I'm getting mine at Lowe's, but there are lots of places that carry them.


----------



## windycanyon (Dec 21, 2007)

I've never had a problem, but always put some soiled newspaper on top (I use a kids swim pool w/ a "doorway" cut out). I think getting the pups using them sooner vs later helps on the munching though as another friend w/ Goldens has had a problem w/ her pups eating them. I move my litters from the house to my attached garage (where the potty pool is set up inside of an ex pen) at 3-4 wks, depending on the weather. My friend's pups were a couple weeks older before she changed from the shavings to pellets.


----------



## C. Johnson (Mar 21, 2004)

How often do you change the pellets/clean them out?


----------



## Certainty (Apr 17, 2008)

I am going to have to give these a try! We have a litter due mid May, and I too, like whelping them in the house.


----------



## Vicky Trainor (May 19, 2003)

I have not tried the pellets with any litter but use them all the time in my horse trailer. I'm not sure if we are talking about the same thing, but the pellets that I use with the horses become like saw dust when wetted down and allowed to expand.

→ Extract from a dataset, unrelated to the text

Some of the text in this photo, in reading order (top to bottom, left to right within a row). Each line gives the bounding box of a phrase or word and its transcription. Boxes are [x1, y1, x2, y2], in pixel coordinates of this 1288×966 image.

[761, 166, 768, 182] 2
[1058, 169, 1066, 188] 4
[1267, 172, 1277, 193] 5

I would be cautious and worried about the pups eating the pellets and becoming blocked or even having GI upset. I used to use pine shavings until I had a pup ingest them and caused GI upset. I went back to using newspaper that I put through a cross-cut paper shredder.


----------



## DMA (Jan 9, 2008)

C. Johnson said:


> How often do you change the pellets/clean them out?


Poop Scoop a couple times a day and depending on the litter size replace pellets every 4-6 days. 1 1/2 bags works good in the pool.

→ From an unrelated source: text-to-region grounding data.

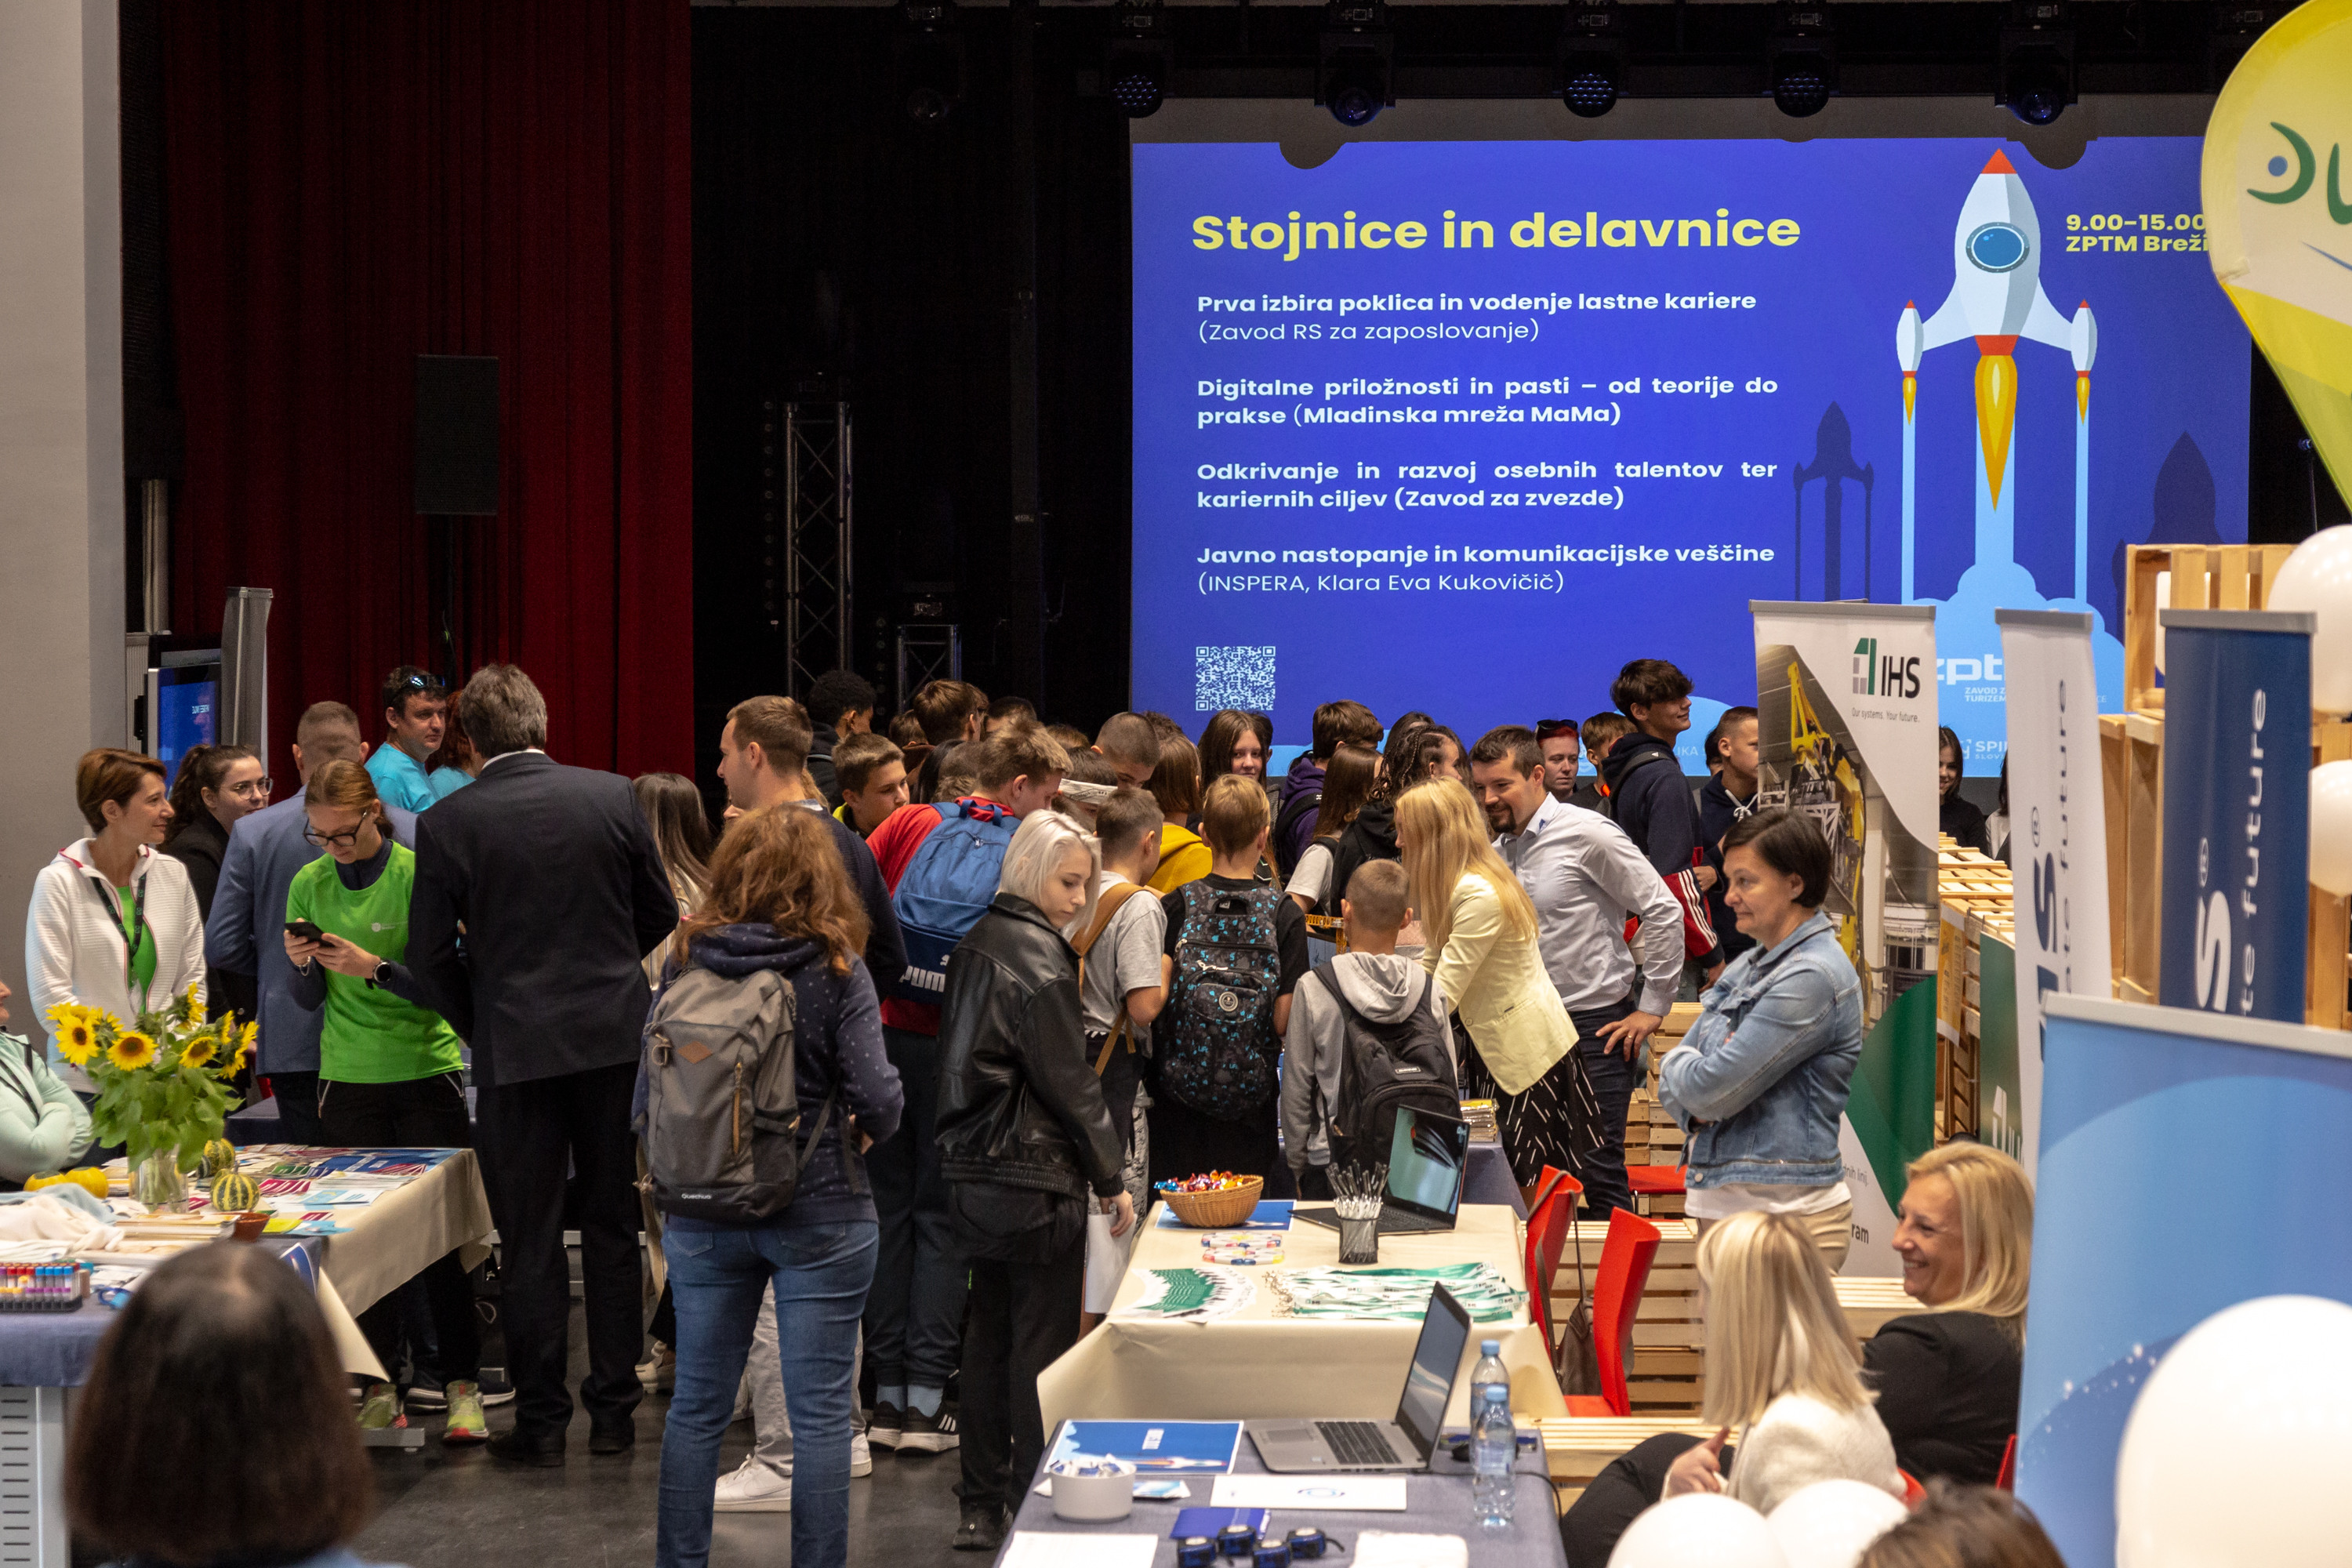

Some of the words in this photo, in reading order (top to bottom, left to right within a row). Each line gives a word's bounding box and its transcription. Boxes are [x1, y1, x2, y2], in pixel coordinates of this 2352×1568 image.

[1192, 211, 1428, 262] Stojnice
[1443, 210, 1495, 249] in
[1510, 209, 1802, 249] delavnice
[2066, 236, 2137, 252] ZPTM
[1198, 296, 1256, 312] Prva
[1263, 295, 1334, 311] izbira
[1340, 294, 1434, 318] poklica
[1440, 293, 1464, 311] in
[1469, 292, 1573, 316] vodenje
[1579, 293, 1660, 310] lastne
[1665, 292, 1758, 310] kariere
[1199, 321, 1286, 343] (Zavod
[1294, 325, 1323, 340] RS
[1330, 326, 1358, 340] za
[1365, 319, 1541, 343] zaposlovanje)
[1198, 379, 1315, 401] Digitalne
[1326, 377, 1460, 401] priložnosti
[1471, 377, 1494, 395] in
[1506, 377, 1571, 401] pasti
[1609, 377, 1642, 394] od
[1652, 376, 1735, 400] teorije
[1746, 376, 1779, 394] do
[1198, 406, 1287, 430] prakse
[1294, 404, 1438, 427] (Mladinska
[1445, 406, 1525, 423] mreža
[1531, 402, 1621, 426] MaMa)
[1198, 462, 1340, 486] Odkrivanje
[1357, 461, 1381, 480] in
[1399, 461, 1478, 485] razvoj
[1494, 461, 1598, 479] osebnih
[1615, 461, 1724, 479] talentov
[1741, 462, 1778, 478] ter
[1198, 490, 1315, 508] kariernih
[1320, 489, 1388, 512] ciljev
[1395, 488, 1486, 511] (Zavod
[1491, 493, 1520, 507] za
[1526, 486, 1625, 510] zvezde)
[1198, 547, 1277, 564] Javno
[1283, 546, 1429, 568] nastopanje
[1435, 546, 1458, 563] in
[1465, 544, 1671, 568] komunikacijske
[1675, 543, 1776, 562] veščine
[1199, 572, 1311, 596] (INSPERA,
[1318, 574, 1381, 591] Klara
[1388, 574, 1431, 591] Eva
[1439, 569, 1566, 593] Kukovičič)
[1881, 655, 1921, 699] IHS
[1975, 740, 2007, 753] SPI
[2241, 688, 2267, 918] future

I am not the breeder but she does let me throw birds and clean turds. Here is a photo of her set up.

*http://www.rattlingridgelabs.com/MCpupswk5.html*

These are the horse bedding pellets.


----------



## windycanyon (Dec 21, 2007)

DMA said:


> Poop Scoop a couple times a day


DMA, I can hear Joan now-- "where were you??"  With my litter of 11, I can guarantee you I was scooping SEVERAL times a day (and night!), and counted my blessings that they figured the potty pool out fast! I do think the key is to get them out in the expen/pool set up at ~3-3.5 wks if at all possible. 

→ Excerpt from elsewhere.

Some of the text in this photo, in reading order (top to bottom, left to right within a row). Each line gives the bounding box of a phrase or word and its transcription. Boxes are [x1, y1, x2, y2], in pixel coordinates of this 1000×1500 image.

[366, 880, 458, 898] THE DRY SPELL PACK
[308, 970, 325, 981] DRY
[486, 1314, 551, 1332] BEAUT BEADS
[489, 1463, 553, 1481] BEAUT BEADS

Way less smell w/ the pellets too, btw-- and just cleaner all around. I always hated shavings since they find their way into the laundry, etc.


----------



## Last Frontier Labs (Jan 3, 2003)

Well, of my 4, 2 have already figured it out after 2 days. Do not use wee wee pads underneath... they will try to shred them. I put a towel over the pellets. Every time they peed the floor, I wiped it up with the towel and put the towel back in the pee box on top of the pellets.

I am pleased with the results so far and they are not eating the pellets.


----------



## windycanyon (Dec 21, 2007)

Last Frontier Labs said:


> Well, of my 4, 2 have already figured it out after 2 days.
> Do not use wee wee pads underneath...they will try to shred them.
> I put a towel over the pellets. Everytime they peed the floor, I wiped it up with the towel and put the towel back in the pee box on top of the pellets.
> I am pleased with the results so far and they are not eating the pellets.


Yep, that's a good way to do it too. I intro'd mine w/ using stinky newspaper the first couple days (from the whelping box), put it in the far back corner from the "doorway" and that worked too. They were too young to figure out at that point that newspaper shredding was fun.  To transition them from the box, I also put one of their blankies in the pool initially so they would think it was a good place to be. I was also there constantly after they woke up that first day and put them on the paper to do their deeds.


----------



## DUCK DGS (Nov 29, 2007)

What kind of pellets are we talking about?  i.e. what are they marketed for? 
I'd like to give them a try.

Sue


----------



## windycanyon (Dec 21, 2007)

The brand I've got now are ABM but I think one brand is Barn Dry or something like that. They are non toxic pellets made specifically for animal bedding. If you have a Cenex or similar feed store near you, they'd likely carry it.


----------



## Jo Ann Reynolds (Jul 2, 2007)

The brand I get in Connecticut is called WoodyPet and they are made for horse stalls. You can buy the fireplace pellets but the WoodyPet smells better and is cleaner.

My breeder potty trained her litter of 11 and it was a beautiful thing. My pup came knowing how to use his potty and so had very few accidents in the house. I never had to worry about him while I was at work because he had a place to go and housebreaking has not been an issue. At first he would run to his potty when he had to go but I always took him out at the appropriate times (after meals, upon awakening) and soon he was sitting at the door to go out when he had to. He is 4/5 months old now and rarely uses his potty while I'm at work, if he does it's only to pee.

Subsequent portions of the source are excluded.